We believe that we should be entirely open about this process. It is simply not possible to retain the common currency without also espousing the idea of collective responsibility and redressing the institutional deficit in the eurozone. The proposal by the Council of Economic Experts to set up a collective debt redemption fund has been rejected by the German government, but its appeal lies precisely in the fact that it puts an end to the illusion of continuing national sovereignty by openly establishing the principle of collective responsibility. It would, however, make more sense to mutualise eurozone debt within the Maastricht criteria – so up to the 60 per cent threshold, rather than above that level.

As long as European governments fail to state clearly what they are really doing, they will continue to undermine the already weak democratic foundations of the European Union.

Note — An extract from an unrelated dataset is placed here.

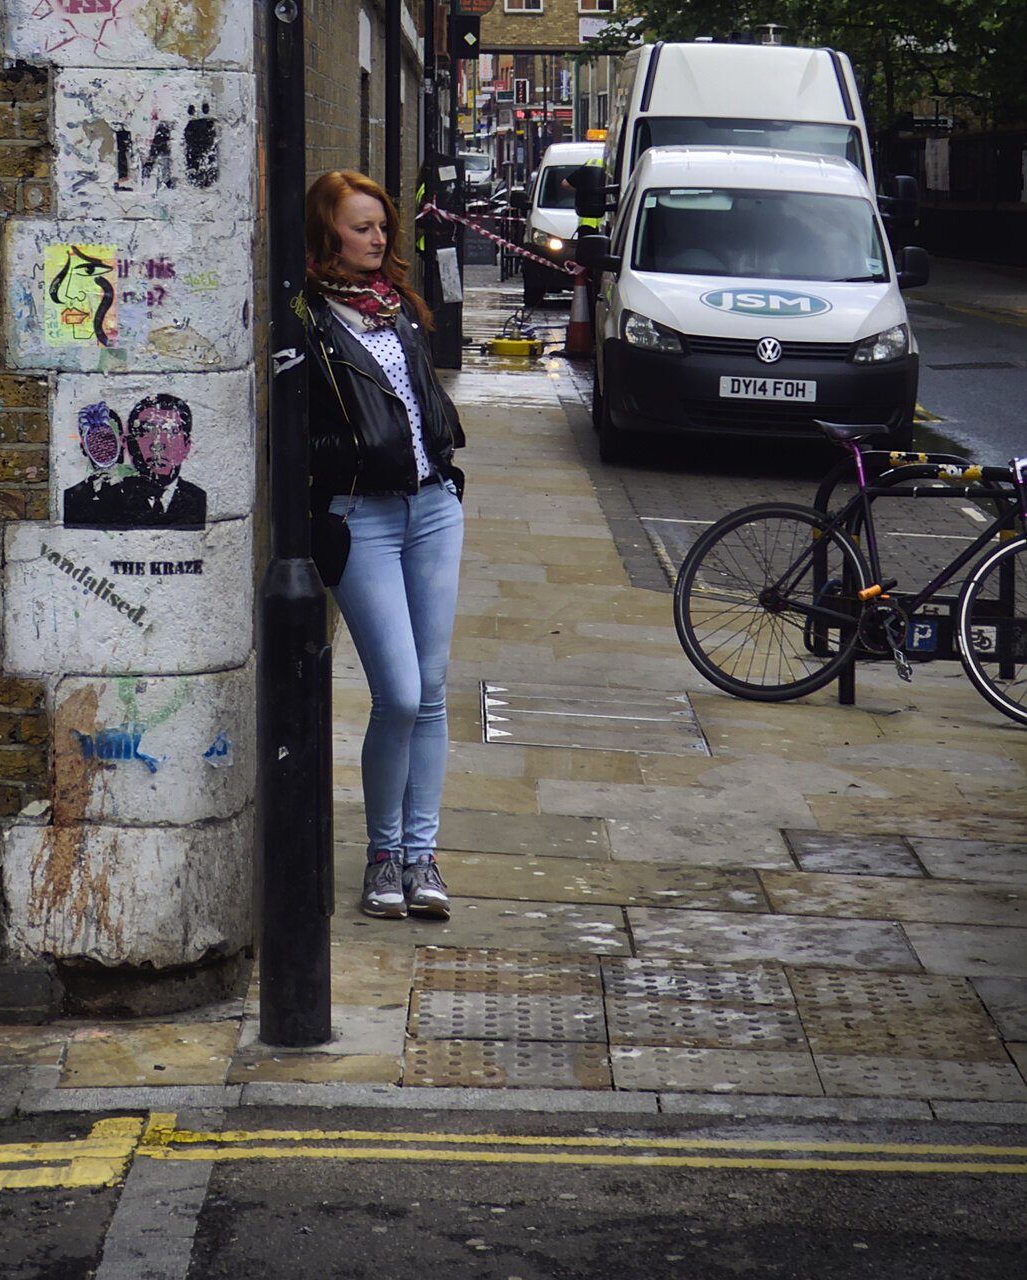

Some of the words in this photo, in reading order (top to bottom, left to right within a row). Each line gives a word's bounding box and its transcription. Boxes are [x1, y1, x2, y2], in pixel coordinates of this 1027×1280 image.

The battle cry of the American War of Independence – “No taxation without representation” – has a new and unexpected resonance today: once we create scope in the eurozone for policies that result in redistributive effects across national boundaries, European legislators who represent the people (directly through the European Parliament and indirectly through the Council) must be able to decide and vote on these policies. Otherwise we would be violating the principle that the legislator who decides how public money is to be spent is one and the same as the democratically elected legislator who raises taxes to fund this spending.